Great, I thought. There are about four too many steps for it to happen without my having to micromanage the whole damn process. Fuck. Fuckity fuck.
With the phone to my head, my laptop battery dead, and no paper nearby, I pulled a leg of my pajama pants up and wrote the needed info on my knee.
***
My primary doctor’s office said she would be out until January 4—which meant a whole week to second-guess myself. Of course, I started immediately.
See, when you’ve seen as many doctors as I have and you’ve suffered through dozens of medical tests that all come back negative, you start to wonder if you’re what’s wrong with you. I asked myself if I was being ridiculous and dramatic for wanting to see MS specialists.

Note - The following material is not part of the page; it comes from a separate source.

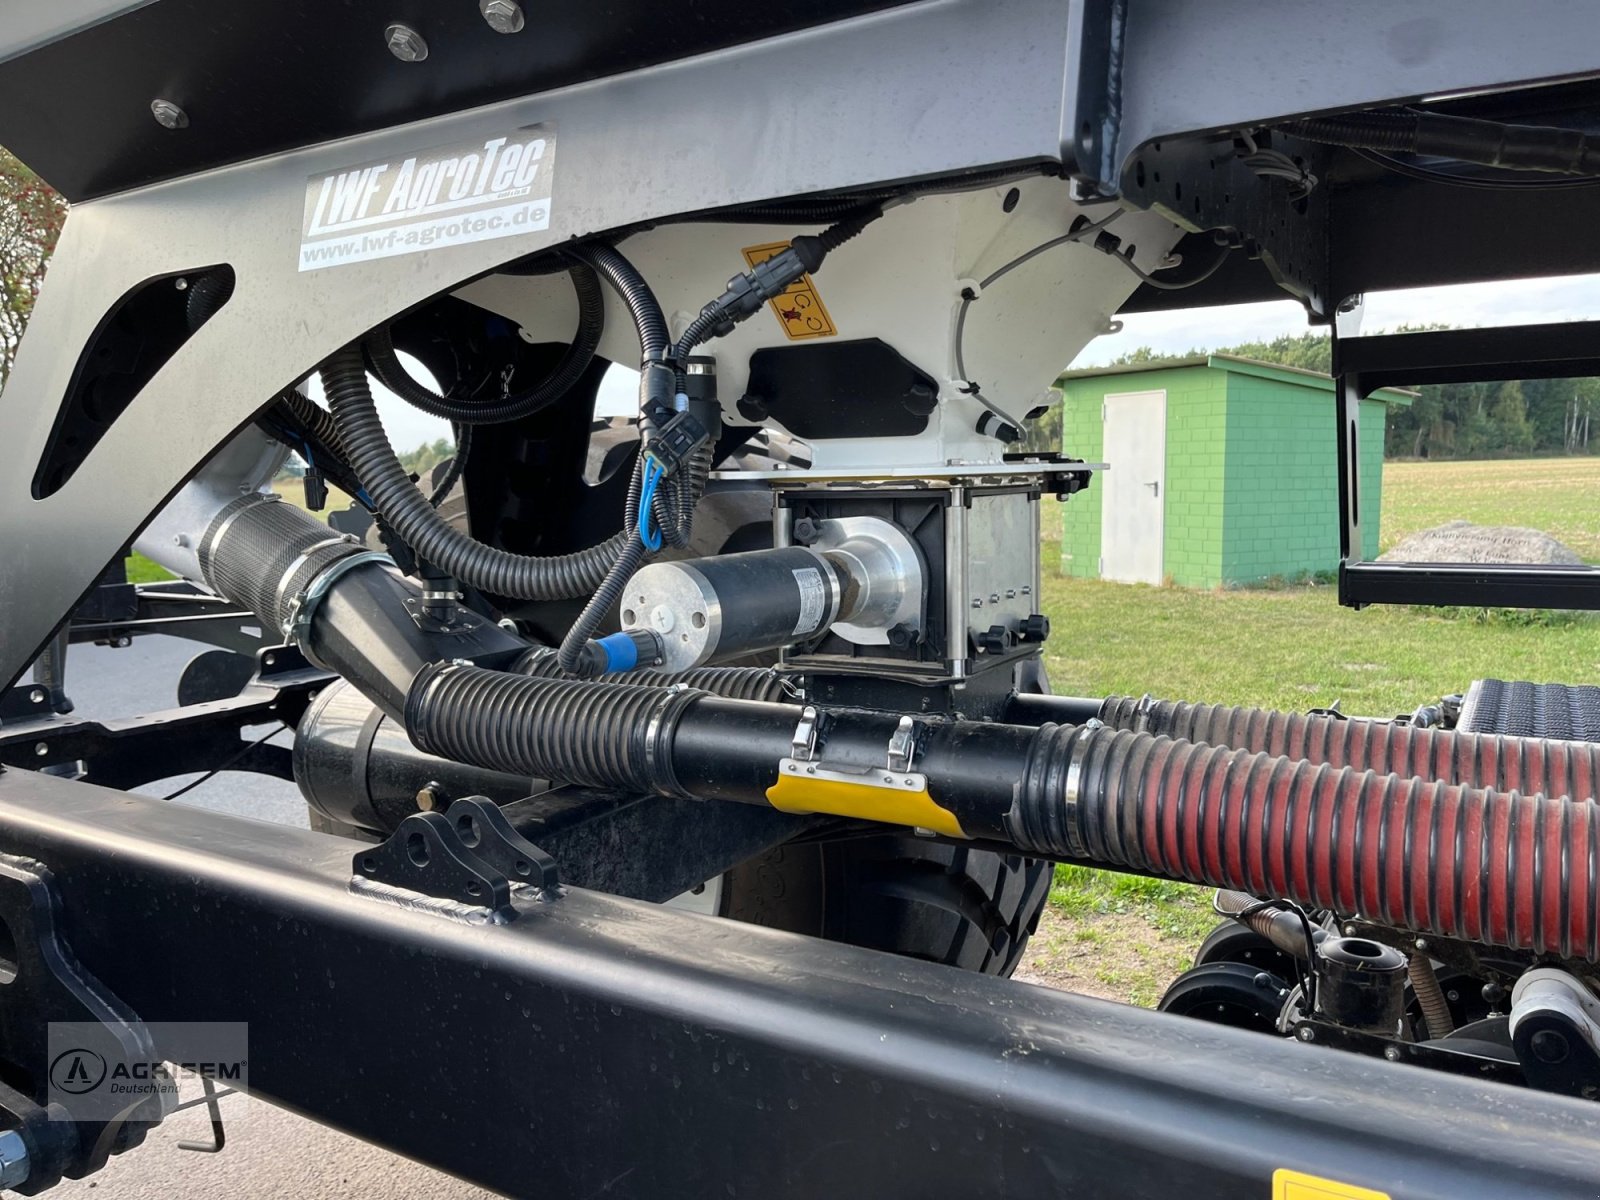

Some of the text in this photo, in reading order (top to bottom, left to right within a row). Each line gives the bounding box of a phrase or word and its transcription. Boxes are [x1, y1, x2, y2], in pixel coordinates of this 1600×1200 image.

[308, 137, 546, 236] LWF AgroTec
[303, 206, 546, 263] www.lwf-agrotec.de
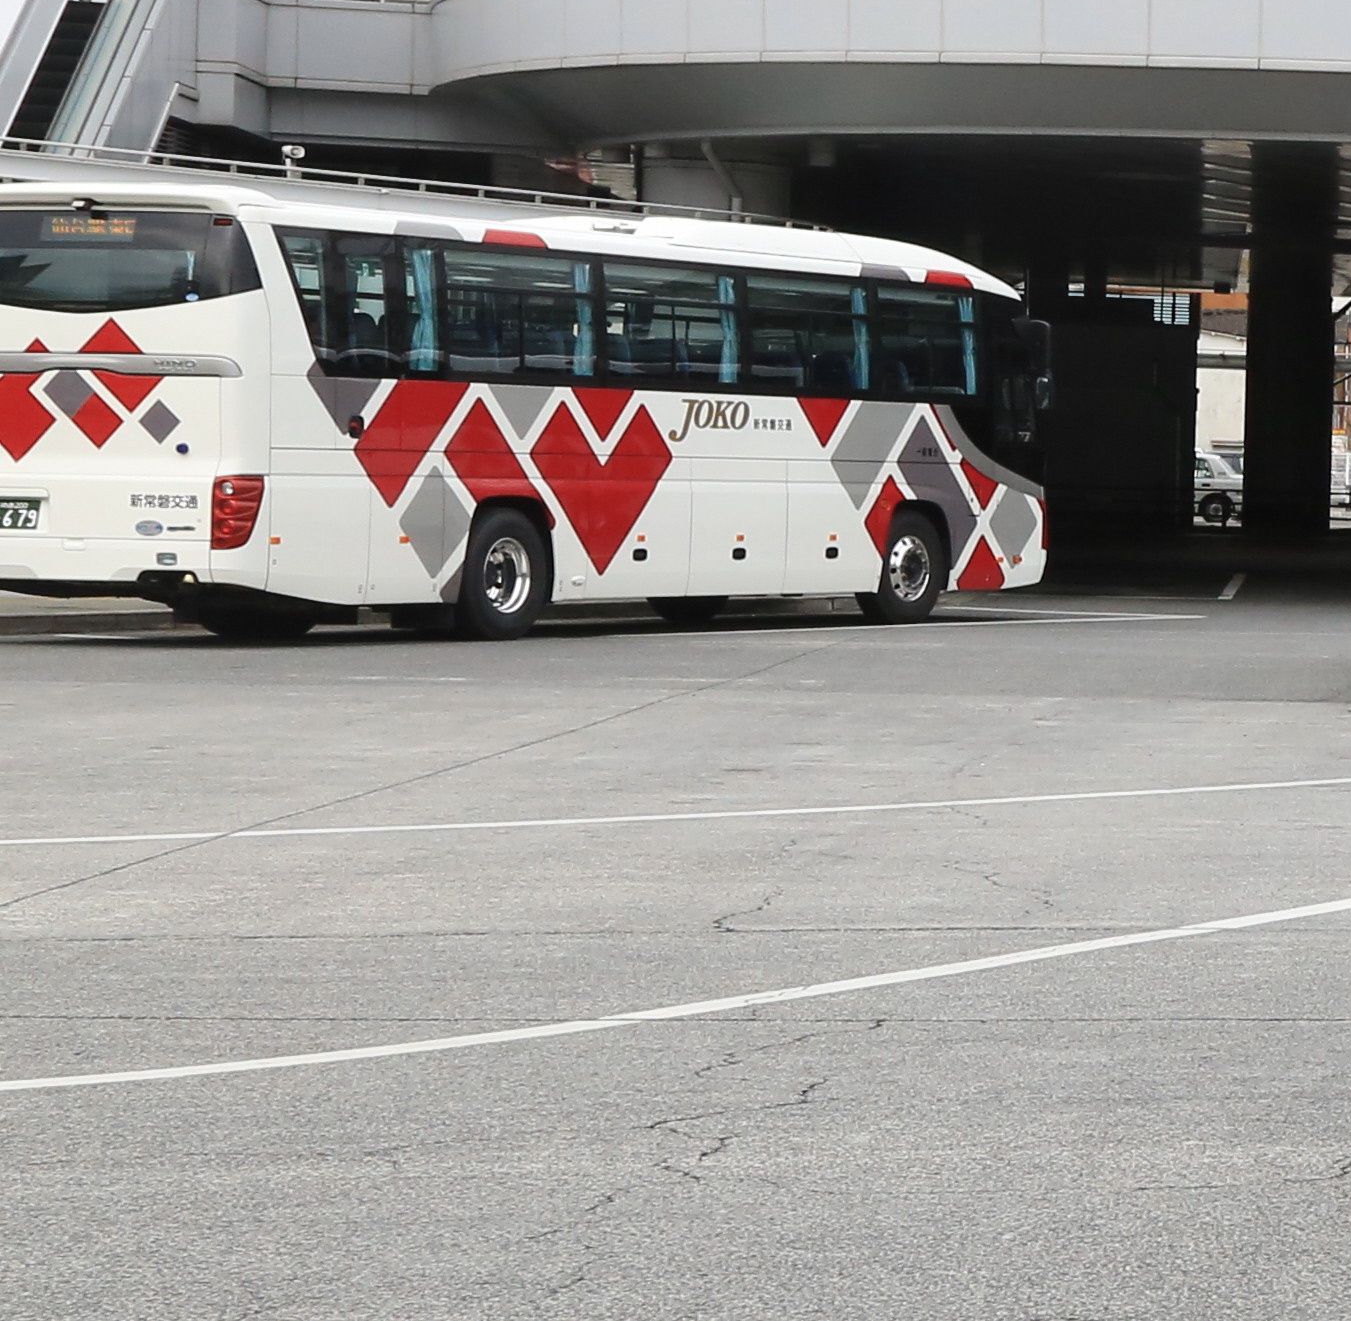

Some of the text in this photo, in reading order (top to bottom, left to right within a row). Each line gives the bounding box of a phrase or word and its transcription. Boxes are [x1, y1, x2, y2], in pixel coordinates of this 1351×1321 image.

Will it be worth the trouble of getting my records to them, traveling to Peoria, submitting myself to more tests? And what about when all of those tests come back negative? Will it have been worth it then, or will I wish I had just accepted my circumstances?
***
That’s when I decided to visit MSSociety.org and read some patient stories. They all talked about problems with vision, and I remembered that this was the thing that made me decide not to ask my doctor about MS tests several months back.
I have never had problems with my vision. I know it says that 3% of patients don’t have them, but I still don’t think… Oh. My. Shit.
In the middle of that thought, I remembered that time in 2005 when I was watching TV and there was a hole in my vision. And because I’d linked that moment to my vision-blurring migraines between 2011 and 2013, those memories washed over me too.
What if the start of my decline wasn’t in 2014? What if it goes all the way back to 2005? What if those were episodes of optic neuritis or whatever-the-hell?
I Googled with a mission:
…MS and aura
…MS and migraines
…MS and iron
…MS and vitamin D
…MS and GERD
…MS and nerve pain
…MS and burning feet
…MS and IBS
…MS and vertigo
…MS and falls
…MS and fibromyalgia
Long story short, I didn’t find anything that convinced me that being seen by MS doctors would be a waste of my time.